[Images for object localization]
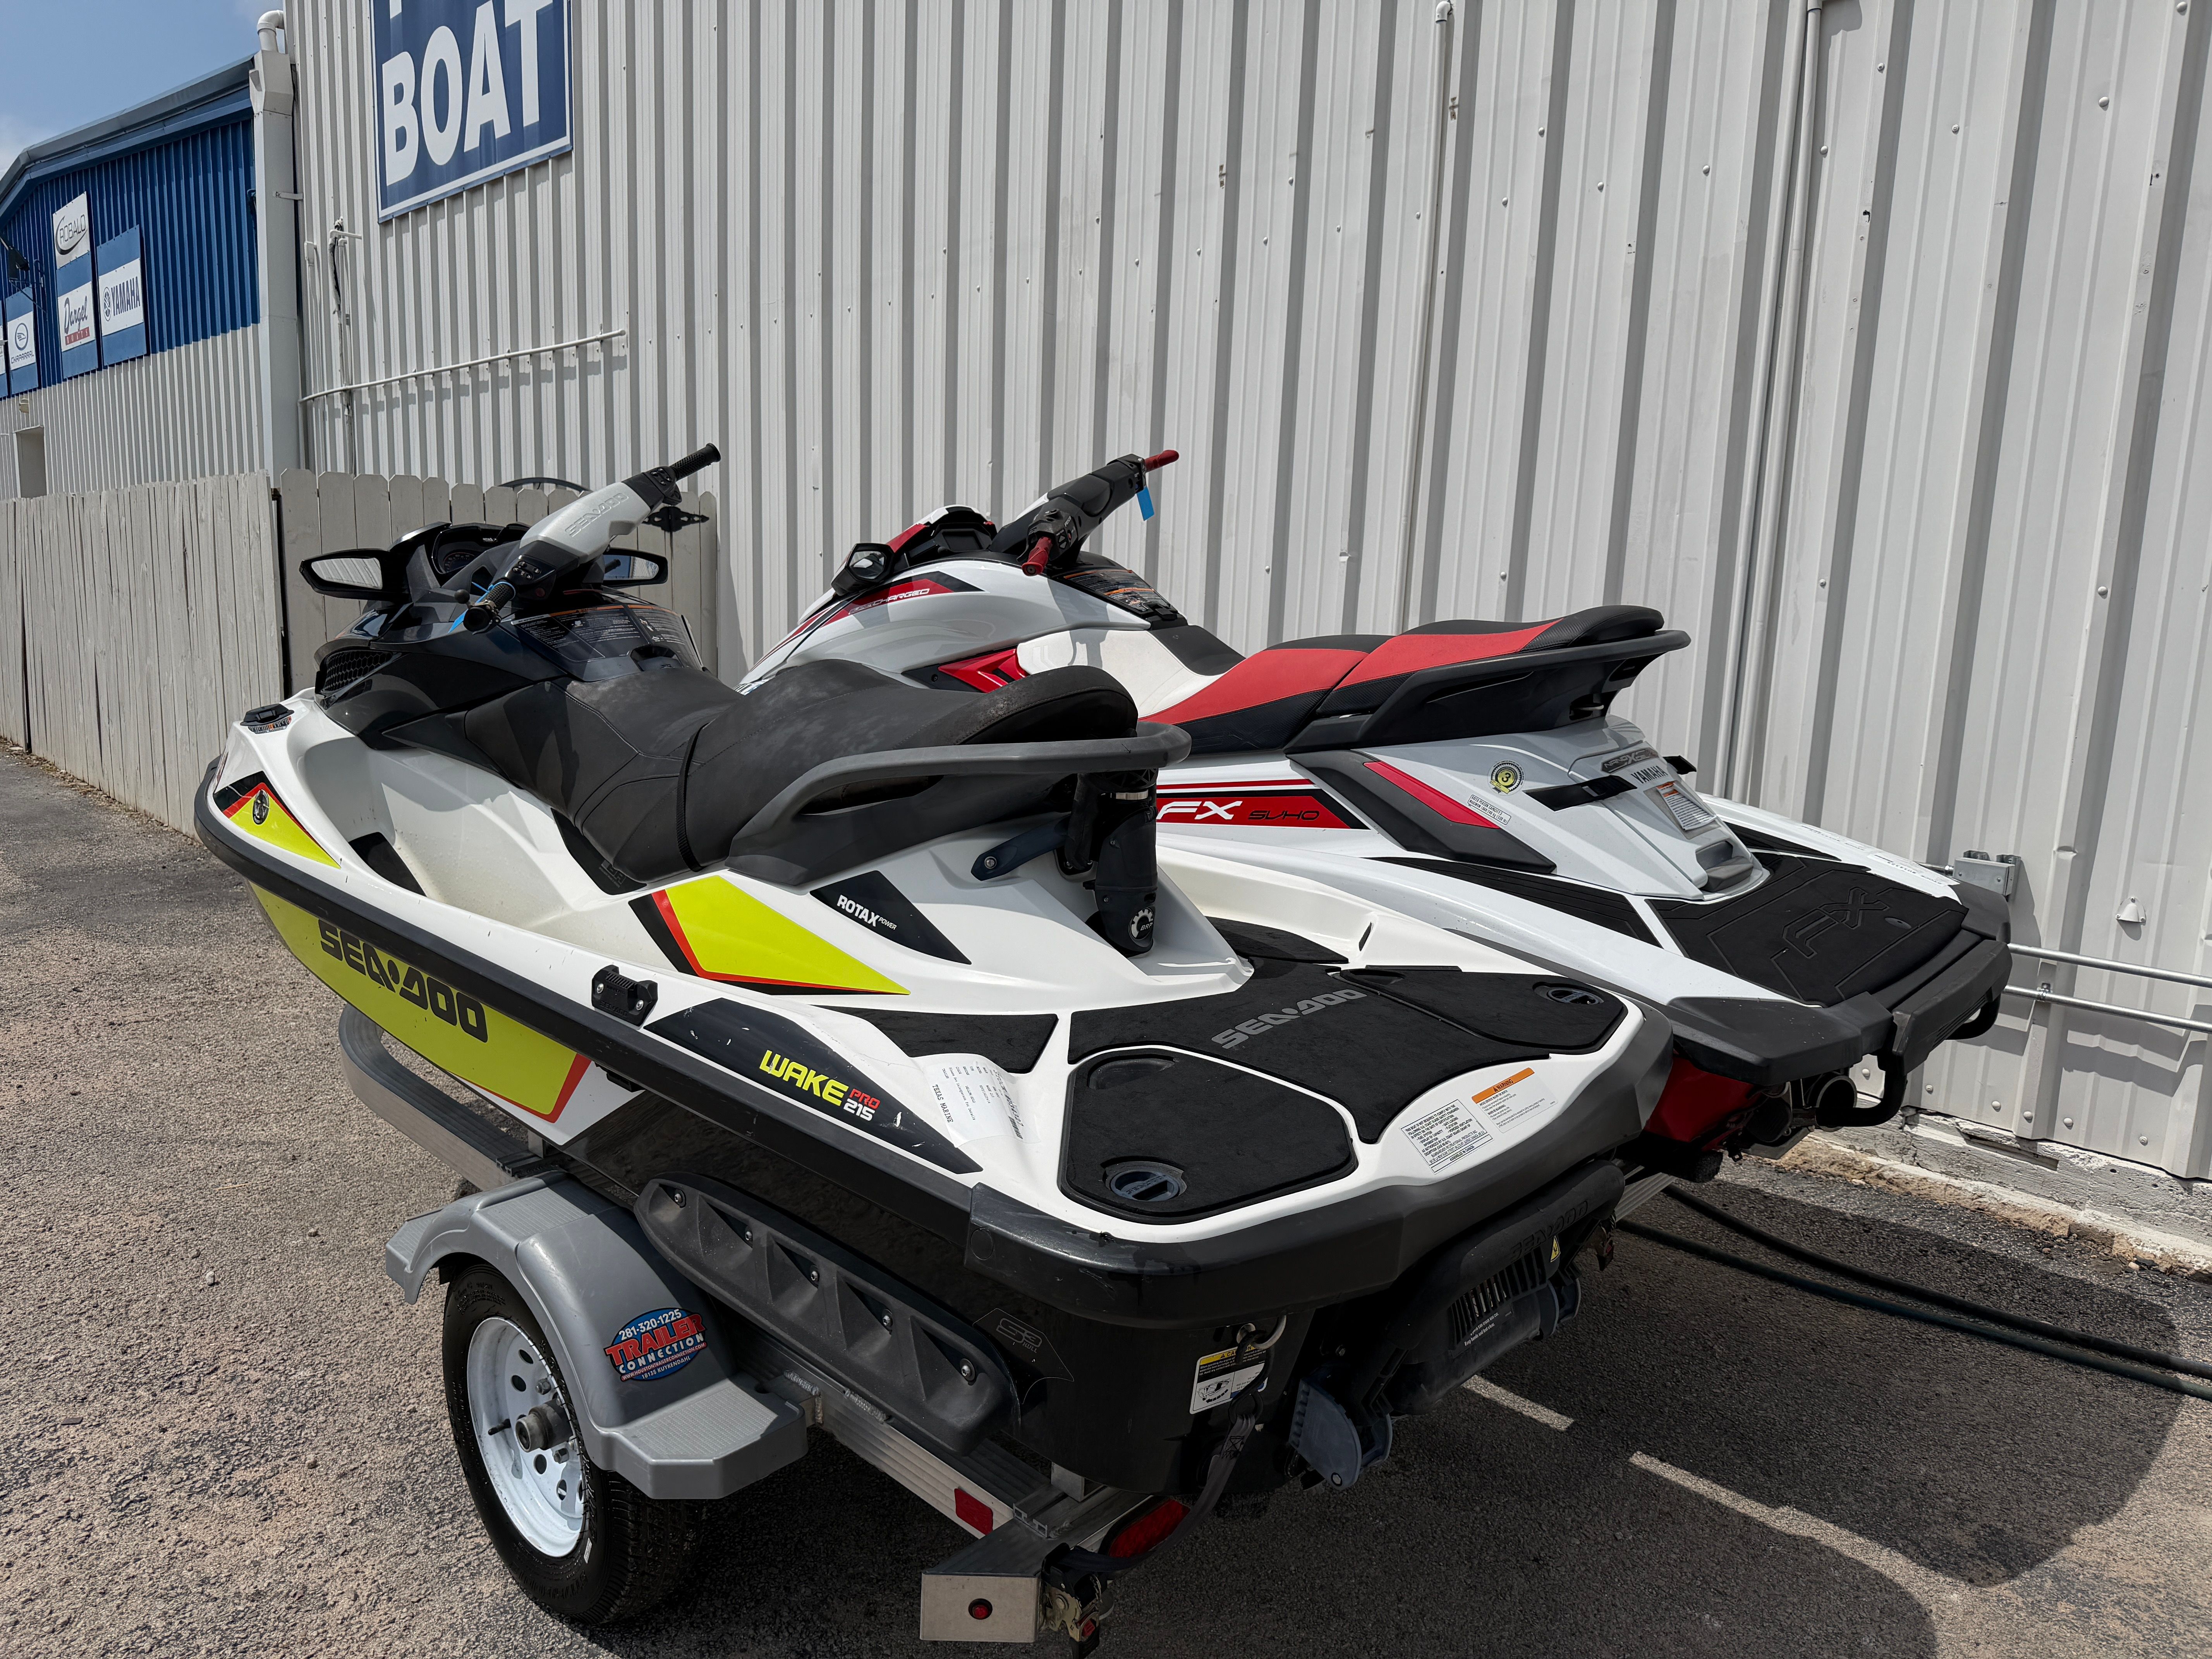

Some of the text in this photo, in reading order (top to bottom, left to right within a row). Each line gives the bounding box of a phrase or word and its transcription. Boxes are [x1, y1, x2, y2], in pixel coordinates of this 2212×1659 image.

[382, 0, 553, 186] BOAT
[59, 213, 86, 246] ROBALO
[111, 276, 140, 317] YAMAHA
[64, 297, 88, 335] Dargel
[1502, 773, 1511, 783] 3
[1631, 765, 1668, 784] YAMAHA
[1156, 800, 1320, 821] FX SVHO
[837, 895, 897, 930] ROTAX POWER
[1140, 922, 1153, 931] BRP
[759, 1050, 880, 1109] WAKE PRO
[1496, 1079, 1514, 1090] WARNING
[843, 1098, 875, 1121] 215
[933, 1084, 953, 1123] TEXAS MARINE
[605, 1314, 705, 1365] TRAILER
[619, 1309, 682, 1341] 281-320-1225
[619, 1333, 704, 1374] CONNECTION
[622, 1342, 706, 1380] WWW.HOUSTONTRAILERCONNECTION.COM
[1022, 1341, 1037, 1353] HULL
[641, 1355, 691, 1379] 18135 KUYKENDAHL

_WHAT IS REQUIRED_.
Please reproduce every record exactly as written, excluding the pictures.

_ANSWER SPACE_.
Some of the text in this photo, in reading order (top to bottom, left to right within a row). Each line gives the bounding box of a phrase or word and its transcription. Boxes are [x1, y1, x2, y2], in pixel coordinates of this 2212×1659 image.

[382, 0, 553, 186] BOAT
[59, 213, 86, 246] ROBALO
[111, 276, 140, 317] YAMAHA
[64, 297, 88, 335] Dargel
[1502, 773, 1511, 783] 3
[1631, 765, 1668, 784] YAMAHA
[1156, 800, 1320, 821] FX SVHO
[837, 895, 897, 930] ROTAX POWER
[1140, 922, 1153, 931] BRP
[759, 1050, 880, 1109] WAKE PRO
[1496, 1079, 1514, 1090] WARNING
[843, 1098, 875, 1121] 215
[933, 1084, 953, 1123] TEXAS MARINE
[605, 1314, 705, 1365] TRAILER
[619, 1309, 682, 1341] 281-320-1225
[619, 1333, 704, 1374] CONNECTION
[622, 1342, 706, 1380] WWW.HOUSTONTRAILERCONNECTION.COM
[1022, 1341, 1037, 1353] HULL
[641, 1355, 691, 1379] 18135 KUYKENDAHL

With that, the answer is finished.